### Problem to work on
Output each line of the data below exactly, omitting any image.

*** Opening Data for this exercise ***

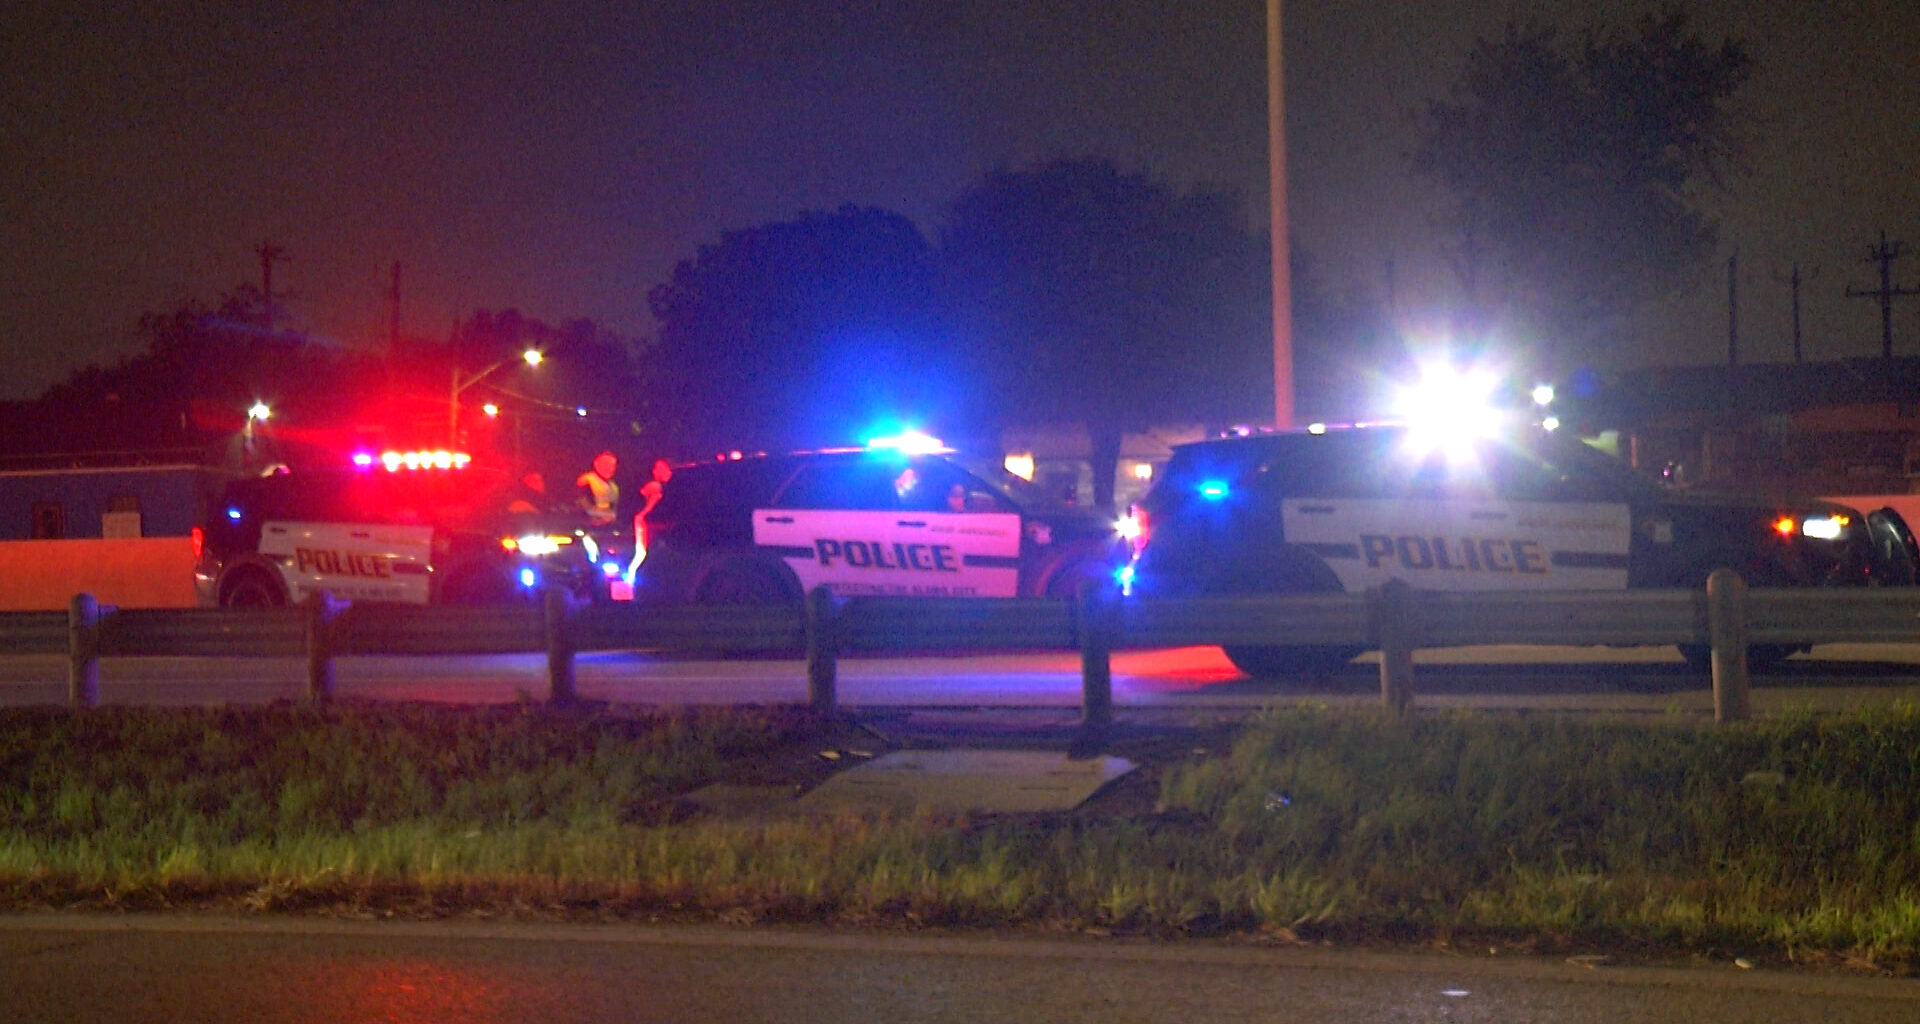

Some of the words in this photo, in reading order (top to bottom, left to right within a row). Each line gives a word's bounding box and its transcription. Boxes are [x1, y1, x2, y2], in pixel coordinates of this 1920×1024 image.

[295, 547, 391, 578] POLICE
[814, 538, 958, 573] POLICE
[1360, 534, 1548, 575] POLICE
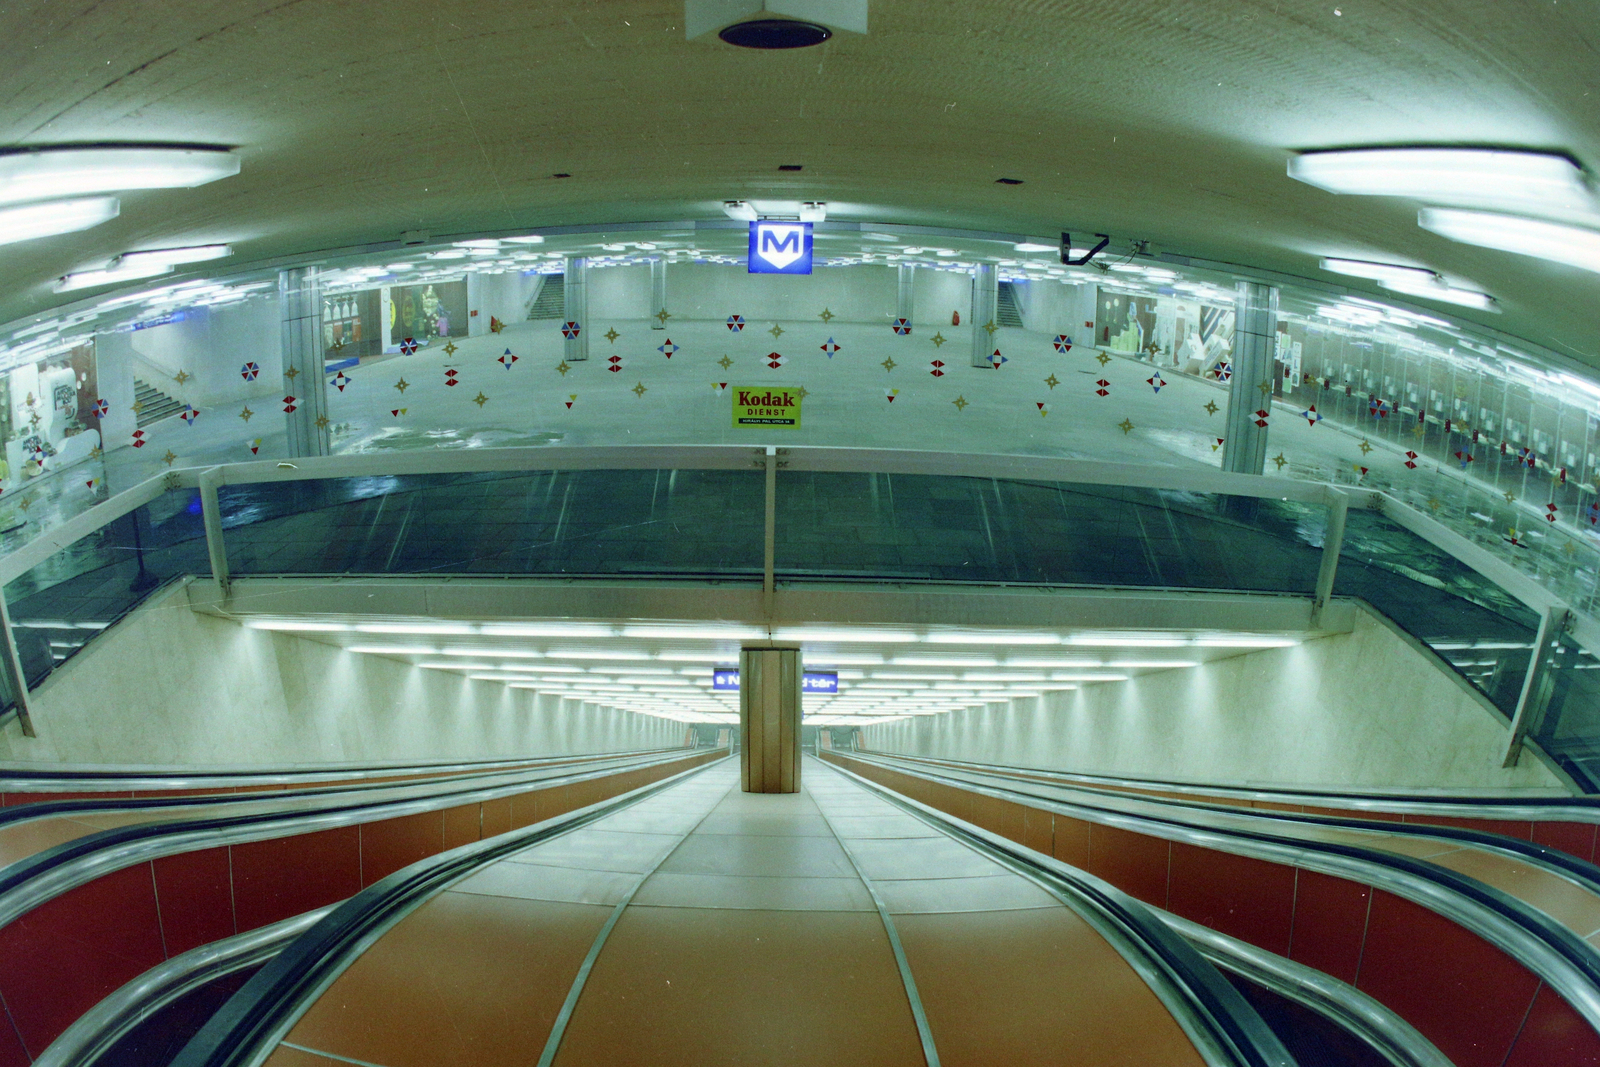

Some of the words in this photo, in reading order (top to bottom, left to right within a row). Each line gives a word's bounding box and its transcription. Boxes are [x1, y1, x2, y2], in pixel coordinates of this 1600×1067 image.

[762, 230, 799, 253] M
[739, 391, 795, 407] Kodak
[747, 408, 786, 416] DIENST

*** Closing Data for this exercise ***

### Answer to this problem
Some of the words in this photo, in reading order (top to bottom, left to right within a row). Each line gives a word's bounding box and its transcription. Boxes are [x1, y1, x2, y2], in pixel coordinates of this 1920×1024 image.

[295, 547, 391, 578] POLICE
[814, 538, 958, 573] POLICE
[1360, 534, 1548, 575] POLICE

Some of the words in this photo, in reading order (top to bottom, left to right within a row). Each line gives a word's bounding box and its transcription. Boxes are [x1, y1, x2, y2], in pixel coordinates of this 1600×1067 image.

[762, 230, 799, 253] M
[739, 391, 795, 407] Kodak
[747, 408, 786, 416] DIENST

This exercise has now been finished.